No architect is known, or even likely, to have accompanied the Venetian merchants and diplomats. Nor does any Venetian building reflect the architectural qualities of the great mosques that travelers could have seen—their meticulously calculated proportions, unobstructed spaces, bold forms, exquisitely patterned brickwork, and, later, veils of colored ornament, each one a unified composition declaring faith in the One and Only God revealed by the Prophet. In comparison, the Basilica of St. Mark is an accumulation of bits and pieces, a beautifully rich patchwork of ornamental motifs and whole objects with pride of place given to loot from Constantinople. It is a kind of museum of Venetian history from the eleventh to the early nineteenth century when, under Austrian rule, the last of the post-Byzantine mosaics were inserted. Howard focuses attention on individual elements, including carved stone grilles in the Coptic style of interlace similar to those in the Great Mosque at Damascus. She points out striking analogies between the famous thirteenth-century reliefs of the labors of the months in the central portal and tiny ivories carved in Fatimid Egypt about a hundred years earlier. Her contention that the compositions of some mosaics were inspired by scenes depicted in Arabic manuscripts “to enliven the eastern atmosphere” is, to my mind, less convincing and raises the tricky question of intention.
There are no more obviously Oriental elements in Venetian architecture than the bulbous domes of St. Mark’s, which have a complex Eurasian symbolic and structural ancestry. The dome, conceived as more than a shelter, appears to have acquired cosmic significance from the tents or canopies of Central Asian rulers with pretentions to universal authority. In ancient Roman and early Christian architecture the interior could symbolize and was sometimes decorated to suggest the vault of the heavens. Its exterior form was, however, barely visible from ground level (the Pantheon in Rome, Hagia Sophia in Constantinople) or, as on many churches, the exterior was boxed by walls and crowned by a cone or cap.

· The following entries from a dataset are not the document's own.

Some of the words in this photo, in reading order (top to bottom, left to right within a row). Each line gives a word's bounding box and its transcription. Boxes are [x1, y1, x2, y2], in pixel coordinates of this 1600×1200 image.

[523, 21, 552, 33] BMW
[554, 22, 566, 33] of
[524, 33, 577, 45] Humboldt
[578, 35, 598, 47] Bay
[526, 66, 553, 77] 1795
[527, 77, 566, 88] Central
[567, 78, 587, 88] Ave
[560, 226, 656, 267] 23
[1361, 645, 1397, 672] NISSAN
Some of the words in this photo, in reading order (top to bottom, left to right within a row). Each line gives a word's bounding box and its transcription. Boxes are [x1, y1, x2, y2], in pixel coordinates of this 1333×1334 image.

Domes that conspicuously assert the importance of a building became a feature of Islamic architecture from the beginning of its history when the Dome of the Rock was built to outshine the Christian monuments in Jerusalem. A dome was often placed above the bay in front of the mihrab of a mosque (the mihrab being a niche boldly indicating the direction of Mecca for the prayers of the faithful). In due course a dome became a defining feature of a mosque’s exterior. For greater prominence it was raised on a drum and/or covered by a superstructure of lighter material forming an outer shell. Such double-shell domes were constructed from at least as early as the ninth century and the process was elaborated to the point where, on the early-fifteenth- century Gur-i Amir (tomb of the ruler) in Samarkand, the ceramic-clad outer shell, dazzling the populace and silk-road merchants from afar, rises some forty-five feet above the vault of the chamber entered only by the few.

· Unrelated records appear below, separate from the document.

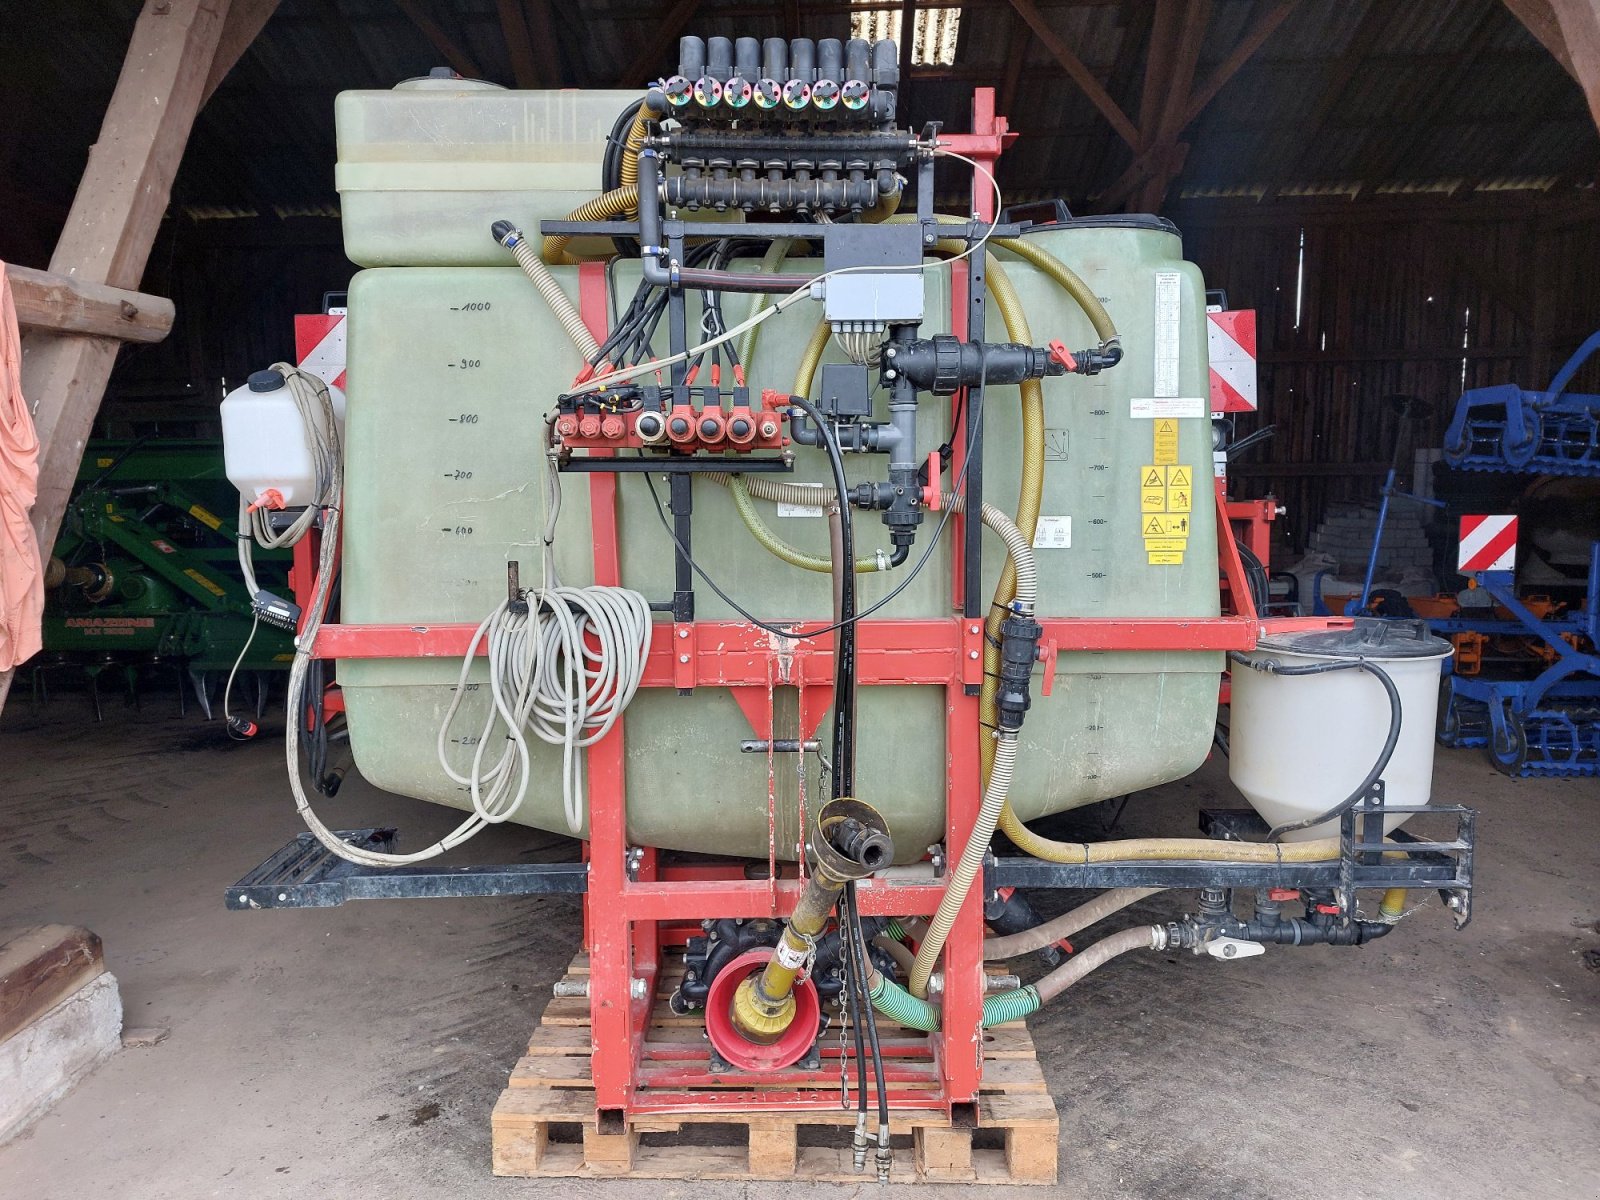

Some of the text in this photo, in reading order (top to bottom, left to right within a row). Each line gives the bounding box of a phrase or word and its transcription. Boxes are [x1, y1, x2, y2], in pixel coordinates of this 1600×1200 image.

[461, 302, 491, 311] 1000
[460, 359, 481, 369] 900
[459, 414, 479, 424] 800
[454, 470, 473, 480] 700
[65, 617, 155, 628] AMAZONE

St. Mark’s, as rebuilt in the eleventh century, had shallow brick domes that provided excellent supports for figurative mosaics on their undersides but made no exterior effect. Outer shells, probably the earliest in Europe, were added in the thirteenth century with, as Howard remarks, some knowledge of the advanced structural technology in Asia.7 As a quincunx—an arrangement of five objects in a square space—the San Marco domes emphasize the Greek-cross plan of the church, derived from the Apostoleion in Constantinople and laid down when Byzantine influence was dominant in Venice. But they seem also to have answered an aesthetic need for aspiring verticals above the earthbound horizontality of the façade to which Gothic crests and pinnacles were subsequently added.

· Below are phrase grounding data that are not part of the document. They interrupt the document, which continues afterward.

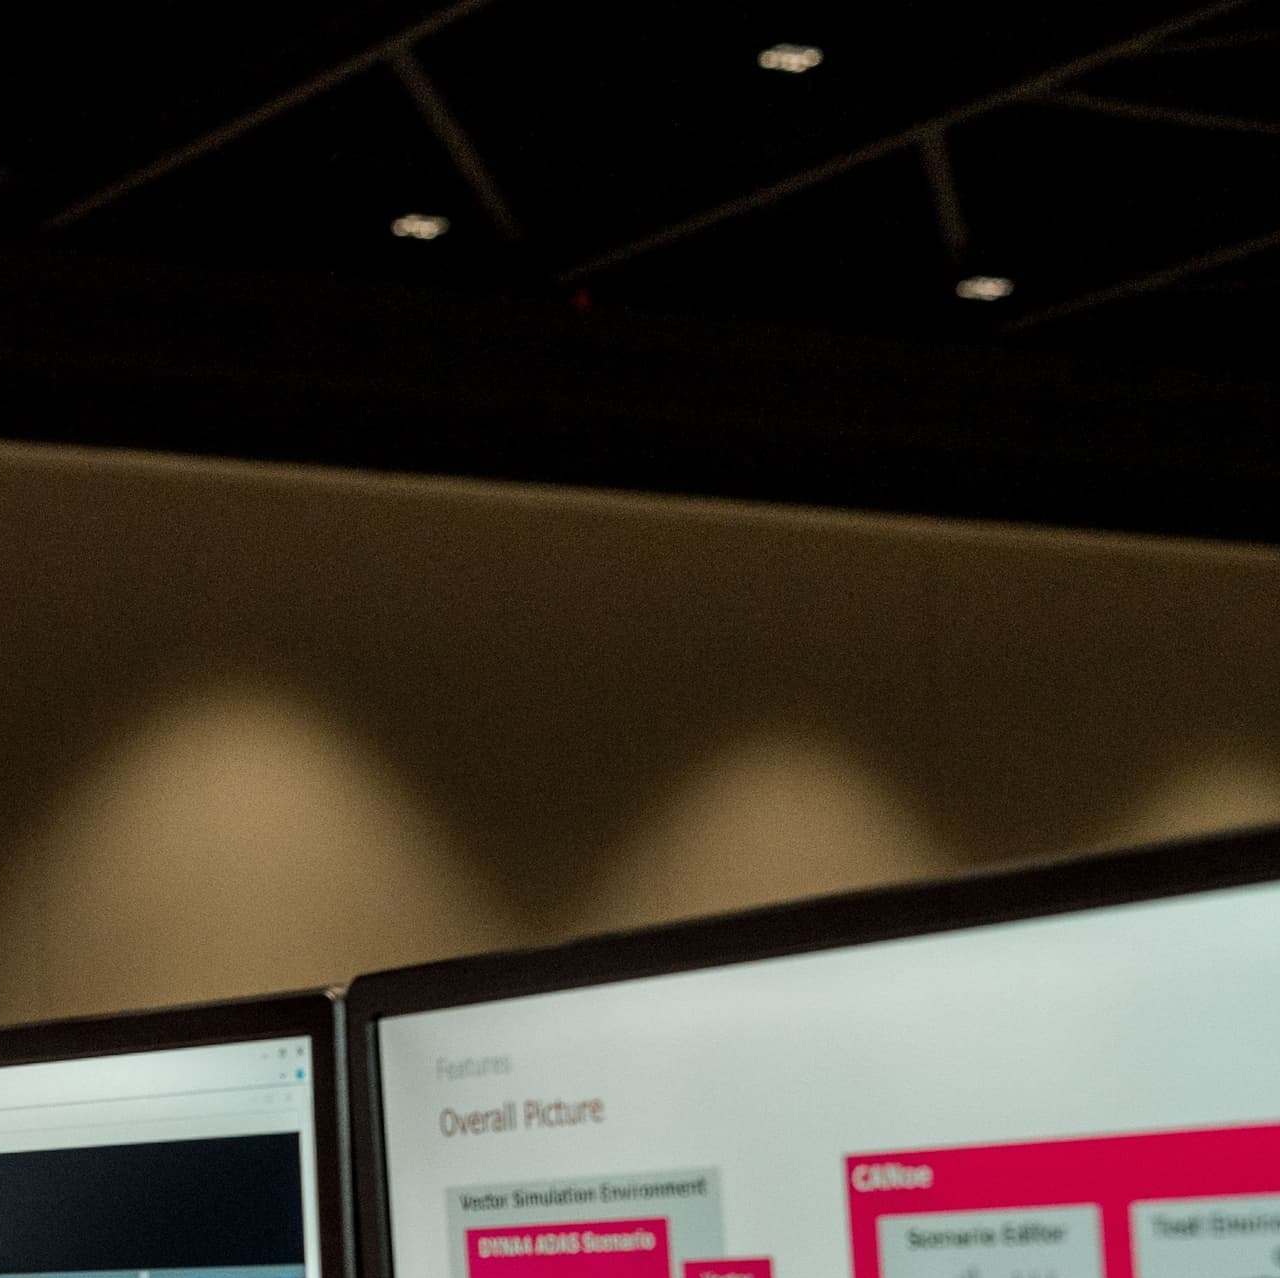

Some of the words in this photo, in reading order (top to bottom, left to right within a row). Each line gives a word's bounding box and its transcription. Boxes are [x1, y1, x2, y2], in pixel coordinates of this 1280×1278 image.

[440, 1103, 517, 1138] Overall
[524, 1097, 605, 1131] Picture
[460, 1192, 507, 1212] Vector
[512, 1186, 597, 1209] Simulation
[600, 1176, 708, 1204] Environment

Howard, on the other hand, likens them to the scattered stone-built mausoleums in Cairo’s City of the Dead, claiming that they provided “a specifically Egyptian funerary context” for the relics of Saint Mark that had been transported from Alexandria to Venice. In the porphyry columns on the façade she detects another reference to Egypt where the material was known to have been quarried, though its association with imperial Rome and Byzantium was more widely recognized. She says nothing of the compelling beauty of these purple columns enlivened by glints of feldspar, juxtaposed with others of veined and mottled marble set against a gray-green ground, an instance of Venetians’ hypersensitivity to polychromatic effects, brilliantly analyzed by Paul Hills in Venetian Colour.8
In common with many present-day architectural historians, and some architects, Howard tends to regard buildings as texts to be read. “I shall argue…that the intention behind the introduction of the ogee arch and its adoption as a trademark by the Venetian merchant class was to allude to a mental image of the Orient,” she writes. Arches of this type, composed of confronted concave and convex curves rising to a fine point, are a distinctive feature of Venetian Gothic, crowning single windows and doors or ranged in arcades as delicately intertwined as the macramé fringe of a face towel—most spectacularly on the early-fifteenth-century Ca’ d’Oro (see illustration on page 16).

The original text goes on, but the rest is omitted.